Giacometti, Alberto (1901-1966) - Sculptor, painter, draughtsman and printmaker, son of Giovanni Giacometti.

Early studies and works, to 1927

He began drawing around 1910-12, followed by painting and sculpting in 1913-15. While at secondary school in Schiers, near Chur (1914-19), he developed his drawing style primarily through portraiture.
In 1919-20 in Geneva he studied painting at the Ecole des Beaux-Arts and sculpture at the Ecole des Arts et Métiers but was more impressed by subsequent visits to Italy (1920-21), where he worked without formal instruction.

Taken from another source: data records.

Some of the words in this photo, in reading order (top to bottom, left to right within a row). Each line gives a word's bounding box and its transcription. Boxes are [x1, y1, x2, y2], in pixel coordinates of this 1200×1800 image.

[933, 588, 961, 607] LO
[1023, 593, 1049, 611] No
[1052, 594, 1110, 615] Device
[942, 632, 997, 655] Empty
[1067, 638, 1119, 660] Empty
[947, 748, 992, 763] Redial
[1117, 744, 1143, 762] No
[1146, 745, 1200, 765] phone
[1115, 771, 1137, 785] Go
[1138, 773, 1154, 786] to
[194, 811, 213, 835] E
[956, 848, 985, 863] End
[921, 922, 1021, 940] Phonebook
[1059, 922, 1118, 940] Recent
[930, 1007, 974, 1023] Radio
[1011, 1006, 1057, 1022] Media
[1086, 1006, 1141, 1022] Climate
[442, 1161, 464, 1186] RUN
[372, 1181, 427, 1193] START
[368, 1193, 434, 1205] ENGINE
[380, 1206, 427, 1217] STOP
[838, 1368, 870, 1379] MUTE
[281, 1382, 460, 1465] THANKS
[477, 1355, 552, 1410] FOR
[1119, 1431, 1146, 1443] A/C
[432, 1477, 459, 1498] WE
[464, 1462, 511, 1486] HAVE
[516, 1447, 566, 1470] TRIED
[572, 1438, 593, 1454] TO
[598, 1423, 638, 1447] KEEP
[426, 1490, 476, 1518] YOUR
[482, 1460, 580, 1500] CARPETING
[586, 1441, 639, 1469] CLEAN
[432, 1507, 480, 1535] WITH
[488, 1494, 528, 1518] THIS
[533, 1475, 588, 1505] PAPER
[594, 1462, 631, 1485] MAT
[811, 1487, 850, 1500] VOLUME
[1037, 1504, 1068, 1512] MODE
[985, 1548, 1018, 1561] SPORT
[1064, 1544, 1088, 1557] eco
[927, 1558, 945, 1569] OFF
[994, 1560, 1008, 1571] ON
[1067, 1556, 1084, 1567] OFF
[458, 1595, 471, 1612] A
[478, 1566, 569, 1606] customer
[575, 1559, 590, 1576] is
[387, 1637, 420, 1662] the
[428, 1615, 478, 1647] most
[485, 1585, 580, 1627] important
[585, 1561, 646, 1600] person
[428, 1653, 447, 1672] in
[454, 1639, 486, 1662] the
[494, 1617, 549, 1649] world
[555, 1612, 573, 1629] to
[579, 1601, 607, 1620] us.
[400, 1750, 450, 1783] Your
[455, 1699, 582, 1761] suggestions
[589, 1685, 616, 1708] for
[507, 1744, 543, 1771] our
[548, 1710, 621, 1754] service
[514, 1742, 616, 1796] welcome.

In sculpture he worked in an academic mode, while in painting he emulated his father’s Post-Impressionist and Fauvist style, which he thoroughly mastered by late 1921, as in Self-portrait (Zurich, Ksthaus).
Consequently in January 1922 he began studying sculpture in Paris under Emile-Antoine Bourdelle at the Académie de la Grande Chaumière, where he continued intermittently for five years.
In 1925 he ceased drawing and painting to concentrate on sculpture, and his brother - Diego Giacometti joined him in Paris.
In 1927 they moved into the studio at 46, Rue Hippolyte-Maindron in Montparnasse, where Alberto worked for the rest of his life, with annual visits to his family in Switzerland.

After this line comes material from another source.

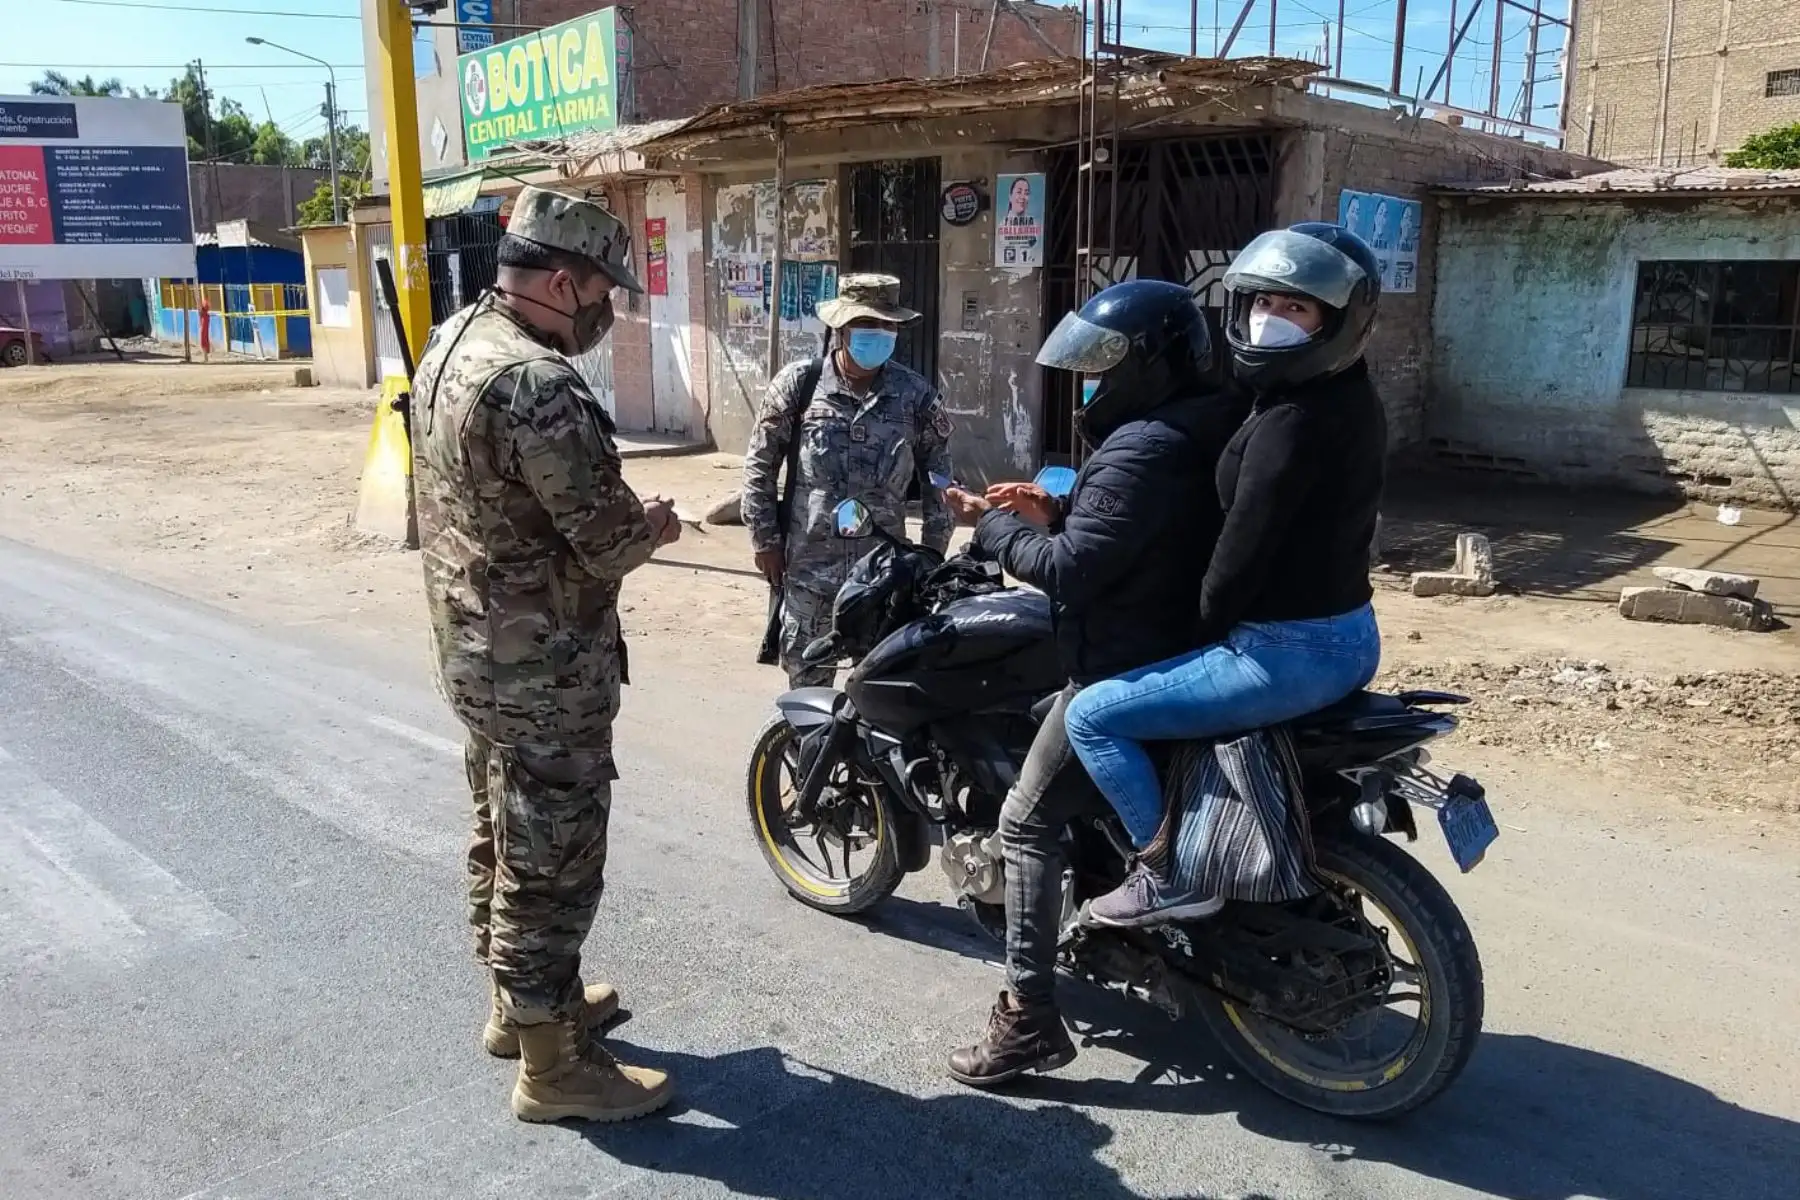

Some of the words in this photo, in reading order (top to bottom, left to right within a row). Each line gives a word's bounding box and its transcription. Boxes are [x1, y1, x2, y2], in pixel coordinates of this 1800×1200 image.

[486, 20, 609, 113] BOTICA
[16, 113, 73, 125] Construcción
[469, 109, 537, 145] CENTRAL
[542, 94, 610, 129] FARMA

Giacometti made few noteworthy sculptures before 1925, when he turned to more avant-garde sources.
After some interest in the formal simplicity of Brancusi’s style, for example in Torso (1925; Zurich, Ksthaus), he turned to Cubism, emulating the works of Jacques Lipchitz and Henri Laurens in his own sculptures of 1927, usually titled simply Composition (Man) or (Man and Woman).
He also turned to African art for inspiration, resulting in his first important sculptures: Man and Woman of 1926 (exhibited in the Salon des Tuileries, Paris) and Spoon Woman of 1926-7 (both Zurich, Ksthaus).
These totemic sculptures consist of radically simplified forms; their rigid frontality and use of male and female nudes as sexual types or symbols were to have long-lasting implications for Giacometti’s later work.


Surrealist period, 1927-1934

Giacometti’s first period of extraordinary creativity began in 1927; during the next seven years he produced sculptures in a wide variety of styles.
In 1927-8 he modelled flattened compositions, including a series of portrait heads of his parents and a group of plaques, notably Gazing Head (Zurich, Ksthaus) and several entitled Woman (e.g. Washington, DC, Hirshhorn).
The plaques reflect a new conceptual approach to sculptural form and space, as Giacometti reduced a head or figure to a few highly abstracted elements on the surface of a flat rectangle.


The plaques attracted the attention of André Masson, through whom Giacometti met Max Ernst, Miró, the French writer Georges Bataille and others who encouraged him to move toward Freudian themes of sexuality, violence and fantasy.
As he incorporated this new orientation, he worked increasingly in open, geometrically structured compositions of linear elements, as in Three Figures Outdoors (1929; Toronto, A.G. Ont.) and Reclining Woman who Dreams (1929; Washington, DC, Hirshhorn), whose semi-abstract imageries convey phallic innuendoes.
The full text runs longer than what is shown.